Undergraduate Course: Fluid Mechanics (Mechanical) 4 (MECE10004)
Course Outline
School | School of Engineering |
College | College of Science and Engineering |
Credit level (Normal year taken) | SCQF Level 10 (Year 4 Undergraduate) |
Availability | Available to all students |
SCQF Credits | 10 |
ECTS Credits | 5 |
Summary | The course presents the classical 3D differential form of the fluid mechanics equations and some canonical solutions, including potential flow, incompressible laminar and turbulent flow, and boundary layer flow. |
Course description |
The following list of lectures is only indicative and should be considered an example of delivery of the course.
Introduction and Recap
L1. Introduction to the course.
L2. Mathematical methods for fluid mechanics: revision of vector total and partial derivatives, application to fluid mechanics, introduction to Einstein notation and application to differential operations, revision of vector calculus (gradient, divergence, Stokes and Green¿s theorem), complex variable calculus and Fourier and Laplace transforms.
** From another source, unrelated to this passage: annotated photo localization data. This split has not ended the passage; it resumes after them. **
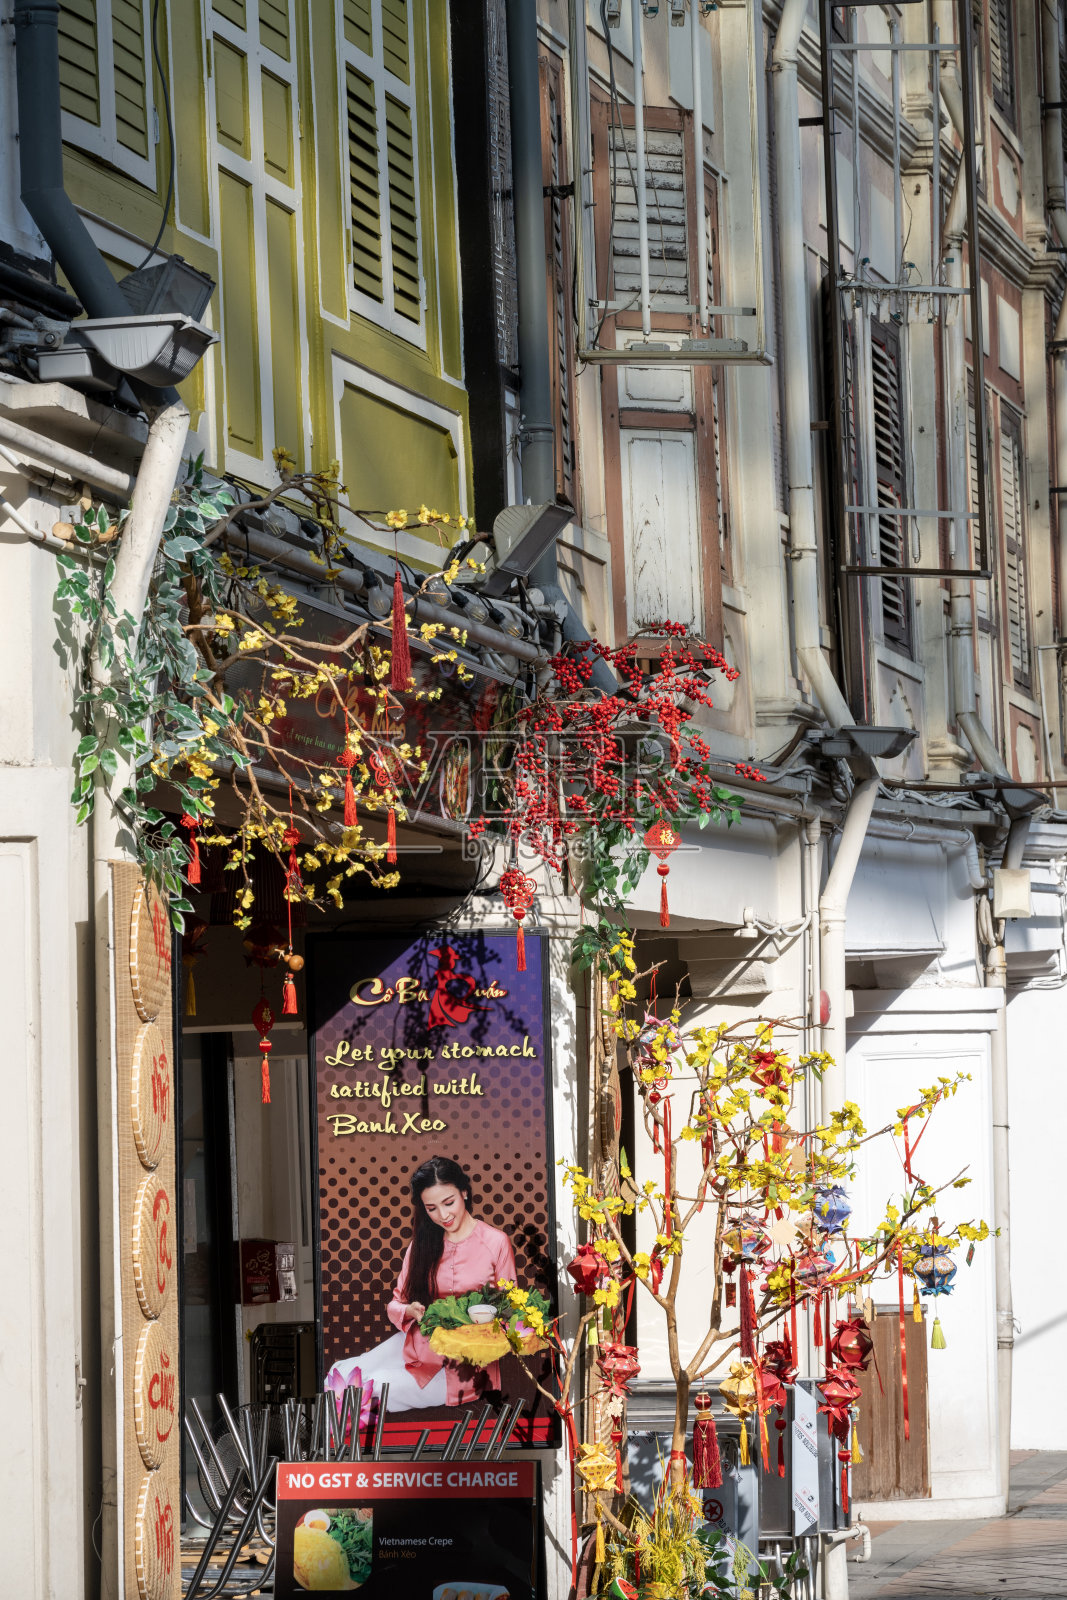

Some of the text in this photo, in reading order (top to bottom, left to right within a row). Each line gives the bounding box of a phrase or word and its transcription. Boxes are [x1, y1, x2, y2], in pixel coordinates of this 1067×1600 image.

[395, 977, 430, 1004] Ba
[324, 1035, 537, 1071] Let your stomach
[330, 1072, 484, 1108] satisfied with
[288, 1471, 519, 1489] NO GST & SERVICE CHARGE
[378, 1536, 453, 1548] Vietnamese Crepe
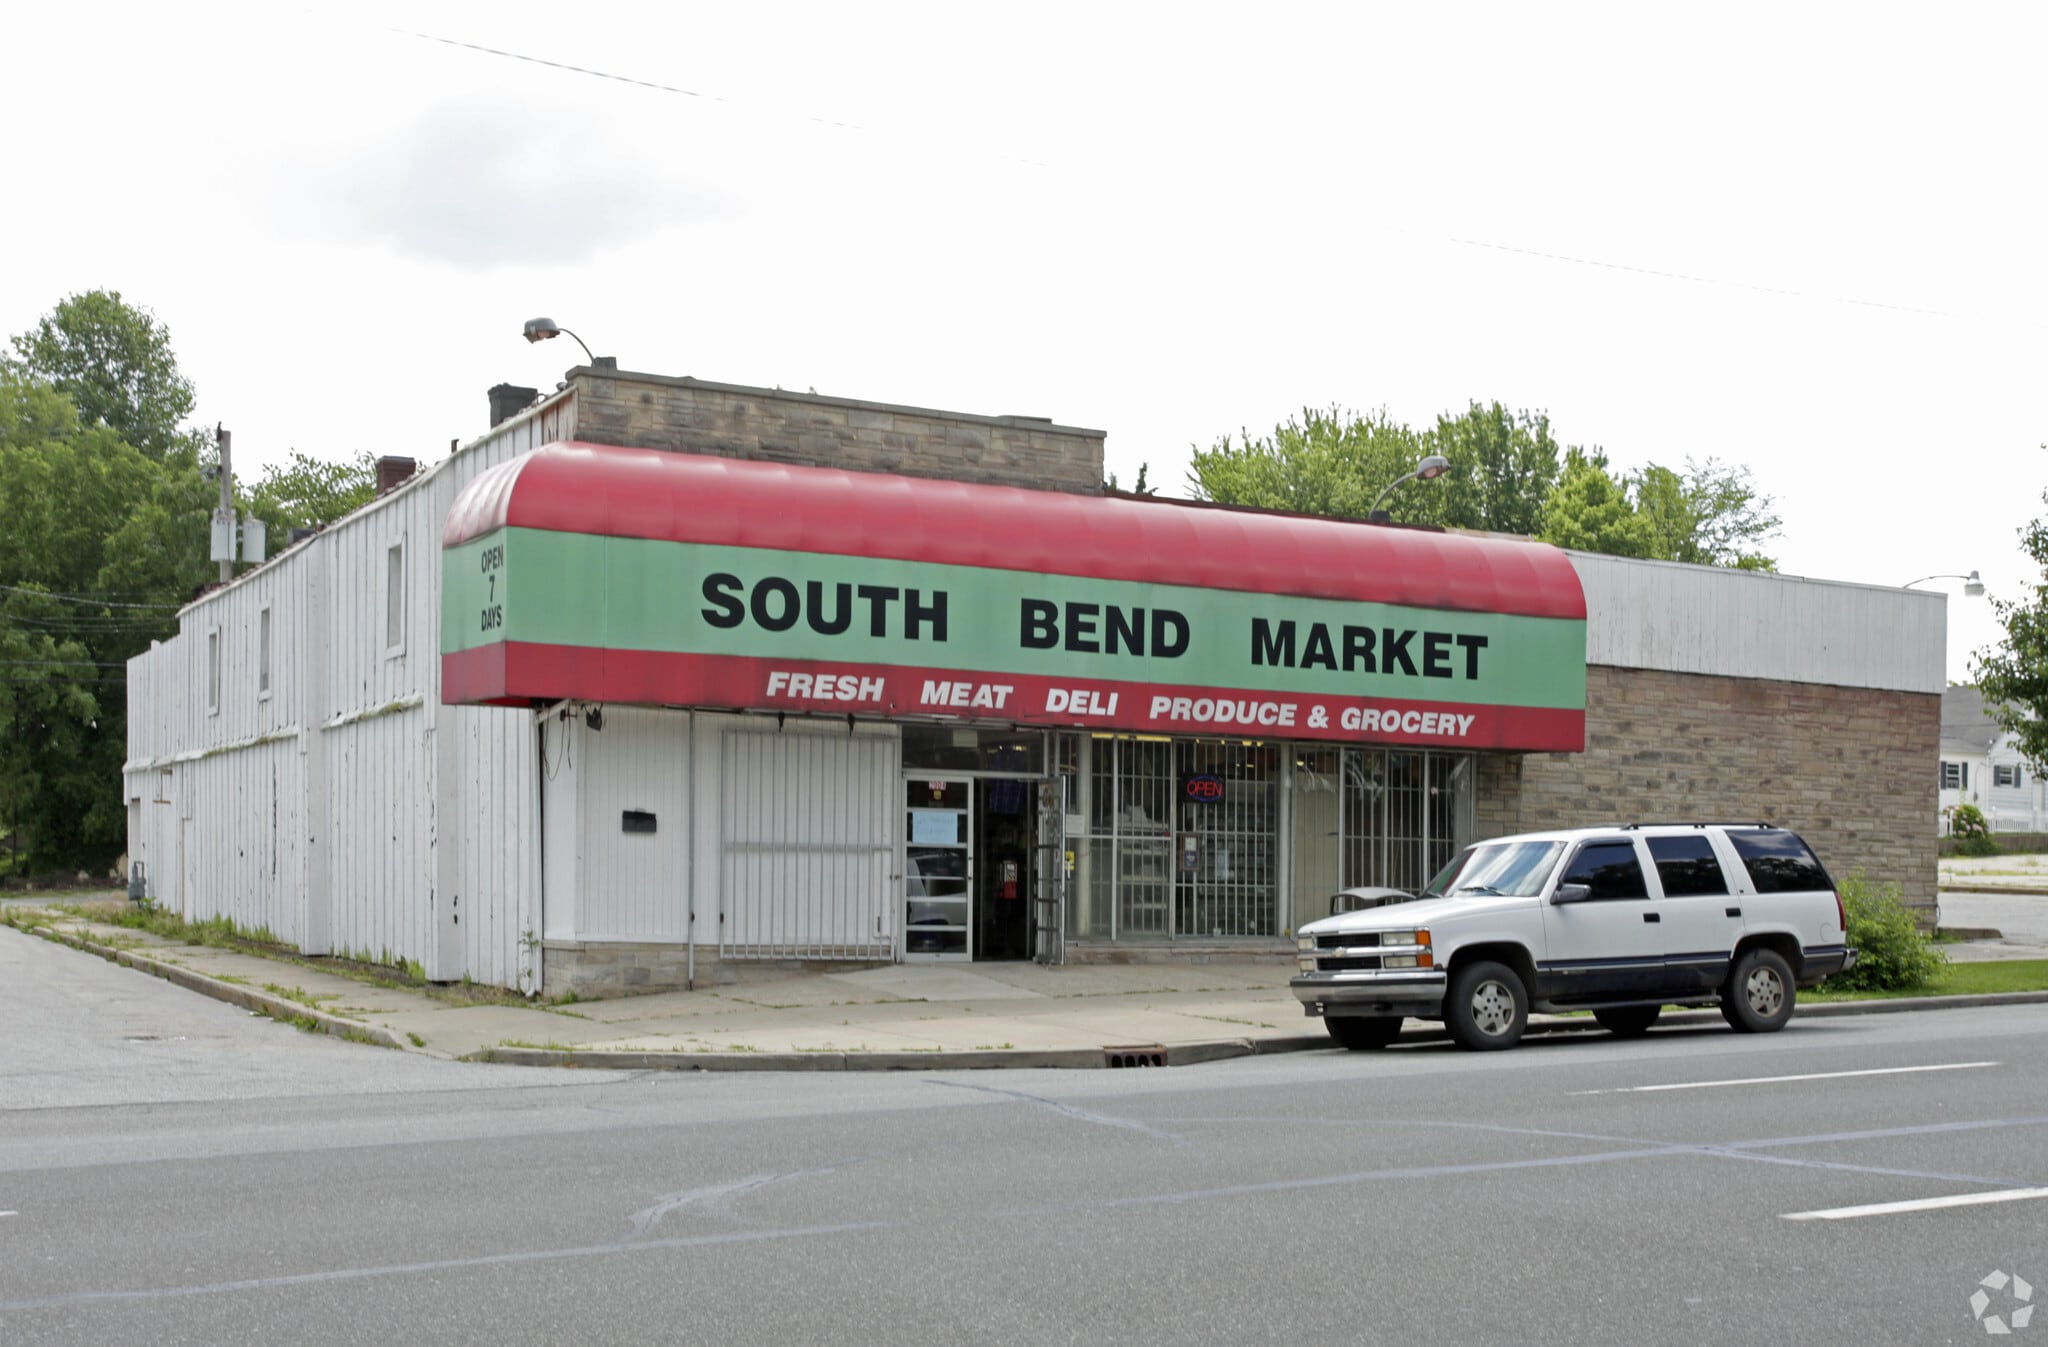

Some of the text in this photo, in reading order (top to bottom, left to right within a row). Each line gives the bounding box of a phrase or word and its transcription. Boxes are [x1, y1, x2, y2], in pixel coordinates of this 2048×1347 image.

[480, 543, 504, 574] OPEN
[488, 574, 496, 603] 7
[481, 604, 503, 632] DAYS
[701, 572, 1489, 681] SOUTH BEND MARKET
[766, 671, 1475, 737] FRESH MEAT DELI PRODUCE & GROCERY
[1186, 781, 1223, 797] OPEN
Governing Equations of Fluids (4 lectures)
L3. Derivation of the continuity equation.
L4. Definition of the stresses and of the strain rate tensor; derivation of the momentum Cauchy equation.
L5. Constitutive equation for Newtonian fluids, derivation of the Navier-Stokes Equation.
L6. Derivation of the nondimensional form of the Navier-Stokes equation.
Potential flow (3 lectures)
L7. The basics of potential flow: introduction of vorticity and the velocity potential and derivation of the conservation laws governing incompressible irrotational flow, including Bernoulli's law.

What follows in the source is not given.